Hear Buddy Miller, Chris Shiflett Talk Robert Plant, Heart Attacks
One month after fronting the house band at this year’s Americana Honors & Awards, Buddy Miller sits down with Chris Shiflett – podcast host, Foo Fighters bandmate, solo artist and fellow multi-tasker – for the newest installment of Walking the Floor.
The episode makes its way through more than a half-century’s worth of history, from the original Woodstock, where a teenaged Miller caught Jimi Hendrix’s set, to present-day Nashville. Along the way, Miller – who helped strengthen the left-of-center country scenes in Austin, New York and Los Angeles before moving to Tennessee – geeks out over the Grateful Dead and takes some well-deserved shots at Nashville’s obsession with co-writing. There’s also a story about the time he suffered a heart attack onstage, only to drink half a beer with the creator of The Wire before heading to the hospital. (Priorities, people.)
Here are five highlights from Shiflett’s conversation with one of the founding fathers of Americana music. (Listen to the full episode below).
1. The Lone Star Cafe, Manhattan’s now-closed country club, was the reason Miller moved to New York City.
“When the movie [Urban Cowboy] came out, a club opened up in Manhattan called Lone Star Cafe,” remembers Miller, who was still living in Texas at the time. “They’d bring in Delbert McClinton, Muddy Waters, Eta James … I remember getting us booked at the Lone Star Cafe. It was a big deal. That scene was so electric, and I thought, ‘We need to be here. This is a cool place. They make records in New York.’ I convinced my wife to move up with me, and we became part of that scene up there … I got great players to play with me, and I started playing guitar with Kinky Friedman. Every Sunday night at the Lone Star. It was like church.”
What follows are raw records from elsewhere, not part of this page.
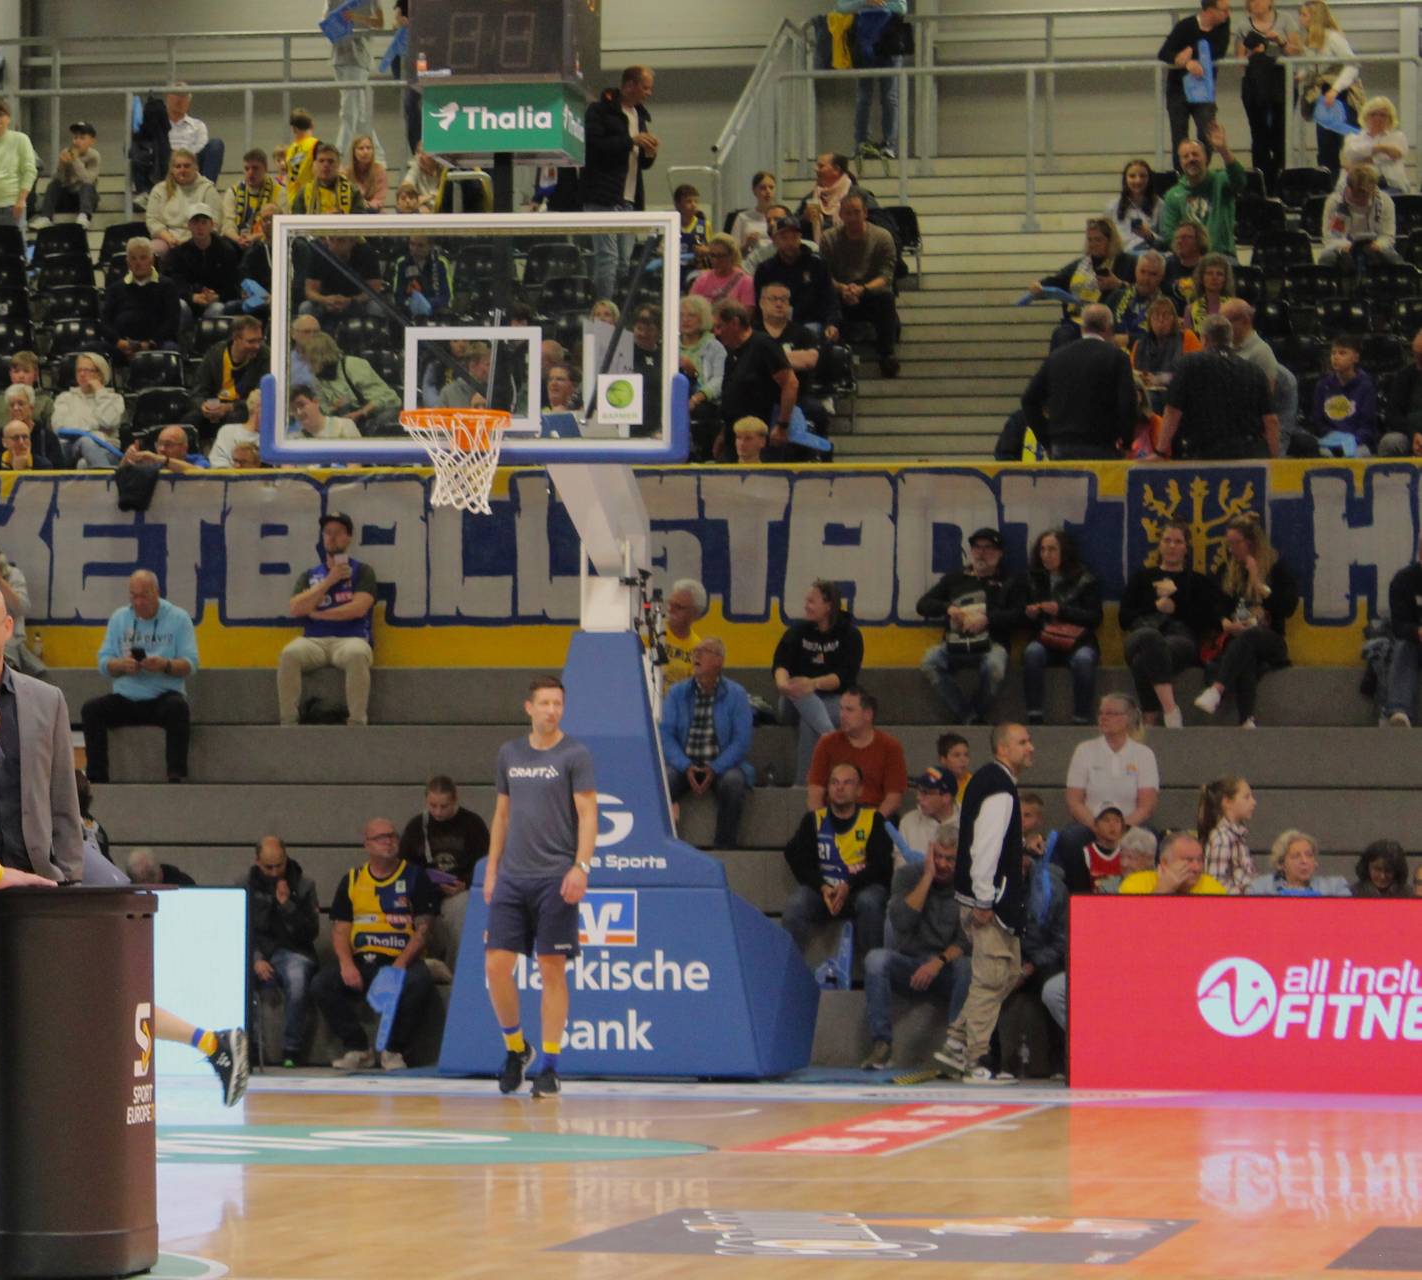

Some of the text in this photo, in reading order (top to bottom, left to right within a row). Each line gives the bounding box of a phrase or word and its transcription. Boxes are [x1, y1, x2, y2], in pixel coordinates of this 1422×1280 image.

[462, 105, 552, 130] Thalia
[1304, 463, 1422, 627] H
[508, 766, 546, 778] CRAFT
[605, 854, 667, 871] Sports
[365, 934, 406, 948] Thalia
[1283, 958, 1329, 994] all
[133, 1084, 153, 1104] SPORT
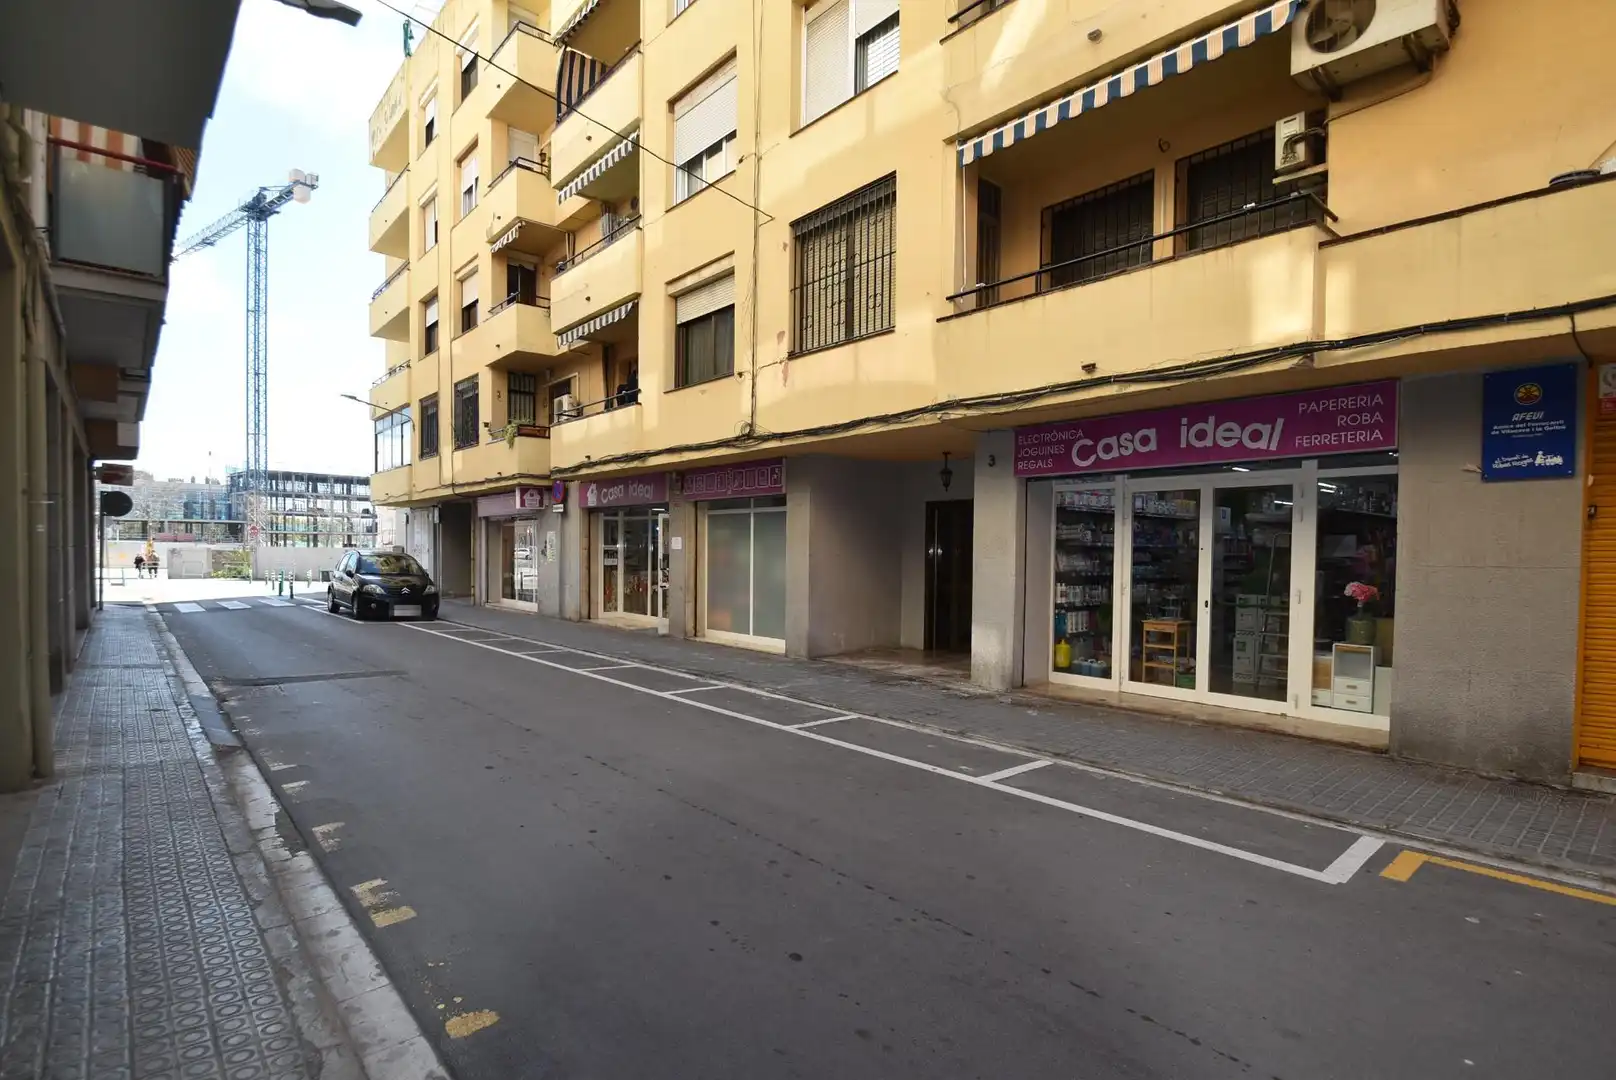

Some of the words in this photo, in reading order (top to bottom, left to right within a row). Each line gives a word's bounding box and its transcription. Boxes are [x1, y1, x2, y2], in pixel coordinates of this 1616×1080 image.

2. Nashville, now home to soaring real estate prices, was wholly affordable when Miller moved to Music City.
The Millers went “completely broke” during their time in Los Angeles, prompting Buddy to move the family to Nashville during the early Nineties. He’d already visited the city to play shows with longtime friend Jim Lauderdale, and Nashville – whose home values rose by 13.7 percent last year – still seemed like an affordable headquarters for musicians. “I figured, ‘They think musicians are almost people here,'” he says. “‘We could probably talk our way into [a house],’ which is what we did. We’d gone bankrupt, but we were still able to swing getting into a house.”
3. Miller loves country music, but he isn’t a fan of co-writing.
“I don’t write with other people,” admits Miller, who takes issue with the heavily collaborated country songs emanating from Nashville’s Music Row community. “I write with my wife [singer-songwriter Julie Miller]. I write with [Jim] Lauderdale, but the way we write is I’ll stick something in his mailbox and say, ‘Can you please help me finish this?’ I don’t understand the whole thing about co-writing. Matter of fact, I think it’s not a great thing. I think it’s ruined a lot of music. It just dilutes things down. Your personality doesn’t come through as much in the song. I can only say that from listening to the thousands and thousands of songs I have to listen to for [the TV show Nashville, whose music is executive produced by Miller], and I see so many names on a song. It seems like this town is just writing one of three songs.”
4. Robert Plant’s soundchecks are, predictably, pretty awesome.
“I got to know him on the Raising Sand Tour,” says Miller, who caught Led Zeppelin’s first show at the Fillmore East and, decades later, joined Plant and Alison Krauss on the road as a sideman. “And then he asked me to help put together that Band of Joy [lineup] and make the record with him. I love him. He’s incredible. He’s so inspiring. It would all be about soundcheck – creating something new at soundcheck. And if we’re doing old songs, we’re not doing them as they were. He just wants to keep moving forward.”
5. After suffering a heart attack onstage, Miller insisted on drinking a beer with The Wire creator David Simon before undergoing a triple bypass at a Baltimore hospital.
“Patty Griffin, Shawn Colvin, Emmylou Harris and me had this thing called Three Girls and Their Buddy,” he says, recounting the in-the-round tour that took Miller across the country in 2010. “As I was singing my last song of the night in Baltimore, I had a heart attack. I made it through, so I could get paid. Not only did I finish the gig, but I heard the creator of The Wire was there. I think he was friends with Patty. And I just wanted to hang and have a beer at the meet-and-greet afterward. I knew it was a heart attack. I went down there – I was soaking wet, in pain and sweating – and I almost finished the beer. Then they took me to the hospital and said, ‘You’ve suffered a massive heart attack.’ They gave me an emergency triple bypass.”